Similar solution as @Saurav Dosi 's, different presentation.

$\begin{aligned} f(\theta) & = \frac {\sin^2 4\theta-\sin^2 \theta}{\sin \theta \sin 5\theta} & \small \color{#3D99F6}{\text{As }\sin^2 A-\sin^2 B = \sin(A+B)\sin(A-B)} \\ & = \frac {\sin 5\theta \sin 3\theta}{\sin \theta \sin 5\theta} \\ & = \frac {\color{#3D99F6}{\sin 3\theta}}{\sin \theta} & \small \color{#3D99F6}{\text{As }\sin 3\theta = 3\sin \theta-4 \sin^3 \theta} \\ & = \frac {\color{#3D99F6}{3\sin \theta-4 \sin^3 \theta}}{\sin \theta} \\ & = 3-4 \sin^2 \theta \\ & = 1+2(\color{#3D99F6}{1-2 \sin^2 \theta}) & \small \color{#3D99F6}{\text{As }\cos 2\theta = 1-2 \sin^2 \theta} \\ & = 1 + 2\color{#3D99F6}{\cos 2 \theta} \end{aligned}$

Therefore,

$\begin{aligned} P & = \prod_{n=0}^8 \left(f(2^{n-1}\theta) - 1 \right) \\ & = \prod_{n=0}^8 \left(1 + 2\cos (2\cdot 2^{n-1} \theta) - 1 \right) \\ & = \prod_{n=0}^8 \left(1 + 2\cos 2^n \theta - 1 \right) \\ & = \prod_{n=0}^8 2\cos 2^n \theta \\ & = 2^9\cos \theta \ \cos 2 \theta \ \cos 3 \theta \ ...\ \cos 8 \theta \\ & = \frac {2^9\color{#3D99F6}{\sin \theta} \ \cos \theta \ \cos 2 \theta \ \cos 4 \theta \ ...\ \cos 256 \theta}{\color{#3D99F6}{\sin \theta}} \\ & = \frac {2^8 \sin 2 \theta \ \cos 2 \theta \ \cos 4 \theta \ \cos 8 \theta \ ...\ \cos 256 \theta}{\sin \theta} \\ & = \frac {2^7 \sin 4 \theta \ \cos 4 \theta \ \cos 8 \theta \ \cos 16 \theta \ ...\ \cos 256 \theta}{\sin \theta} \\ & = \ ... \\ & = \frac {\sin 512 \theta}{\sin \theta} \quad \quad \small \color{#3D99F6}{\text{Putting }\theta=\frac \pi{513}} \\ & = \frac {\color{#3D99F6}{\sin \frac {512 \pi}{513}}}{\sin \frac \pi{513}} \quad \quad \small \color{#3D99F6}{\text{As }\sin (\pi-x) = \sin x} \\ & = \frac {\color{#3D99F6}{\sin \frac \pi{513}}}{\sin \frac \pi{513}} = \boxed{1} \end{aligned}$

Simplifying the given function,

$f\left( \theta \right) =\frac { \sin { (4\theta +\theta )\sin { (4\theta -\theta ) } } }{ \sin { (\theta )\sin { (5\theta ) } } }$ .......................................................................................................( $\sin ^{ 2 }{ (A)-\sin ^{ 2 }{ (B)=\sin { (A+B)\sin { (A-B) } } } }$ )

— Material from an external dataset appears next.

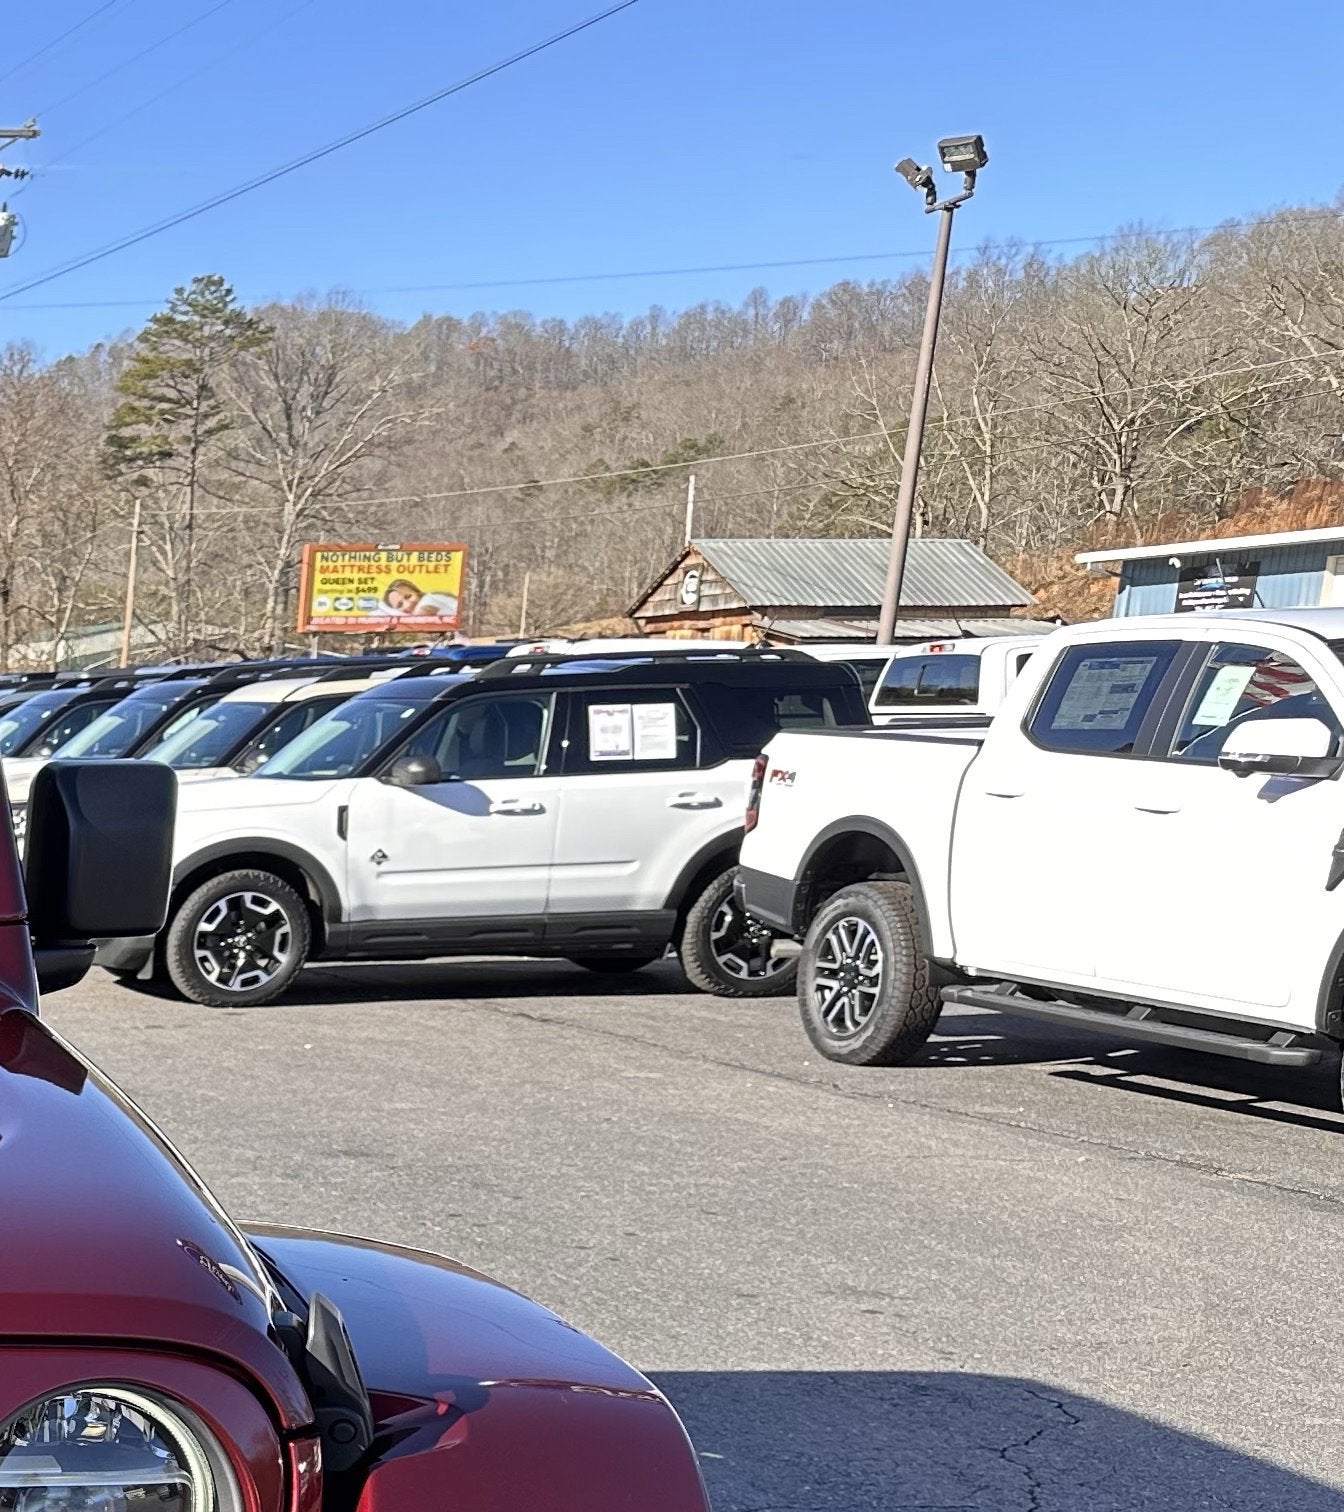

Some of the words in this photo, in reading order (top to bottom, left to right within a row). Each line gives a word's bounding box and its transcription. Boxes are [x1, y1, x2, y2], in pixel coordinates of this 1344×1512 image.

$f\left( \theta \right) =\frac { \sin { (5\theta )\sin { (3\theta ) } } }{ \sin { (\theta )\sin { (5\theta ) } } }$

$f\left( \theta \right) =\frac { \sin { (3\theta ) } }{ \sin { (\theta ) } }$

$f\left( \theta \right) =\frac { 3\sin { (\theta )-4\sin ^{ 3 }{ (\theta ) } } }{ \sin { (\theta ) } }$ ..........................................................................................................(Triple angle formula)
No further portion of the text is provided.